After finding that people did not survive more than 110 years, researcher focus on survival improvements since 1990 for people aged 100 or less. They found that more people were aging more than 100 years. But after reaching that age, the mortality rate increased rapidly. According to Dr. Vijg, the data indicates “a possible limit to human lifespan.”
Human Mortality Database and the International Database on Longevity
The study continued and also analyzed the International Database on Longevity to see the maximum reported age of death around the world. The database contains detailed reports on 534 people who have lived to unexpected long age. When looking through the information, they limited the research from 1968 and 2006 in four countries: The U.S., France, Japan, and the U.K.

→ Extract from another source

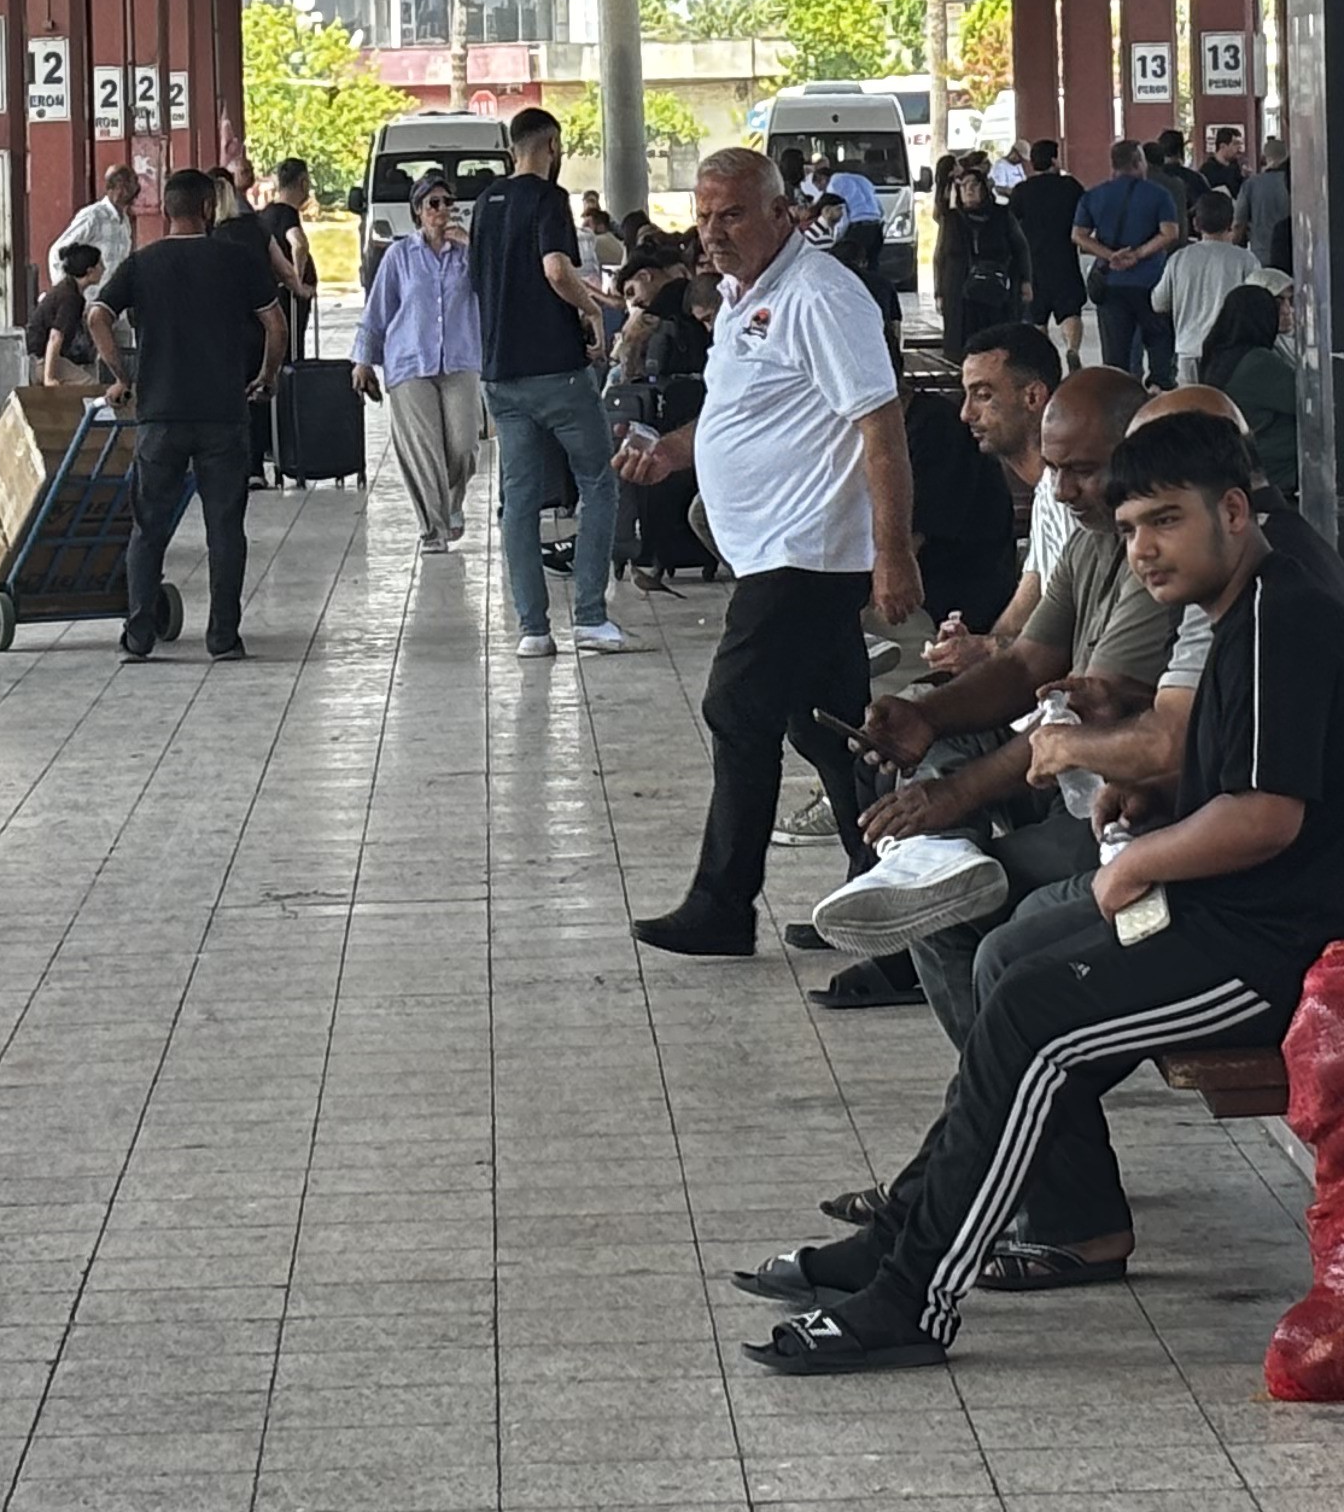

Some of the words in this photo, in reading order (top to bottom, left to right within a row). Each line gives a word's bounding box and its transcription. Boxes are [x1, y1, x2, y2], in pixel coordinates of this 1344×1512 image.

[1136, 54, 1167, 79] 13
[1207, 43, 1242, 71] 13
[29, 93, 65, 108] ERON

The team focus on people verified to have lived to age 110 or older and discovered that the supercentenarians died in a rapid pace between the 1970s and early 1990s. After that, the data shows that human lifespan reached a ceiling after 1997, the year when 122-year old French woman Jeanne Calment died.
Dr. Vijg and his colleagues used the maximum-reported-age-at-death data to calculate the average human lifespan and concluded it was 115 years old. Regarding Jeanne Calment, they said she was a statistical outlier. Researchers also calculated the odds to see a person live to 125 in the world. The probability is less than 1 in 10 thousand.
“You’d need 10 thousand worlds like ours to have the chance that there would be one human who would become 125 years,” Dr. Vijg said.
Vijg is a professor at the Lola and Saul Kramer Chair in Molecular Genetics, at Einstein, and from his previous work, aging is something we have in our DNA. The accumulation of damaged cells is inevitable, even if there are processes to slowed down the damage. In the end, it is too much to recycle.
What Dr. Vijg recommends is not to prolong our lifespan but to lengthen healthy living. It is more important to live as many years as possible as a healthy human being rather than become 125 years old on a bed. Vijg said there is a good chance to improve health span changing our habits and the innovation of new treatments.
Some doctors argued that human life has no lifespan
Human life span is a long-debated subject, especially after the significant increase in average life expectancy. But Dr. Vaupel and others disagree with Vijg’s average human lifespan.
Vaupel is the director of the Max-Planck Odense Center on the Biodemography of Aging and has always opposed to the idea of an age limit for people.
“It is disheartening how many times the same mistake can be made in science and published in respectable journals,” he said.
He added that in some countries, like Japan, life expectancy continues to grow -today a Japanese baby can become 83 years old- and their fastest-grow group continues to be older.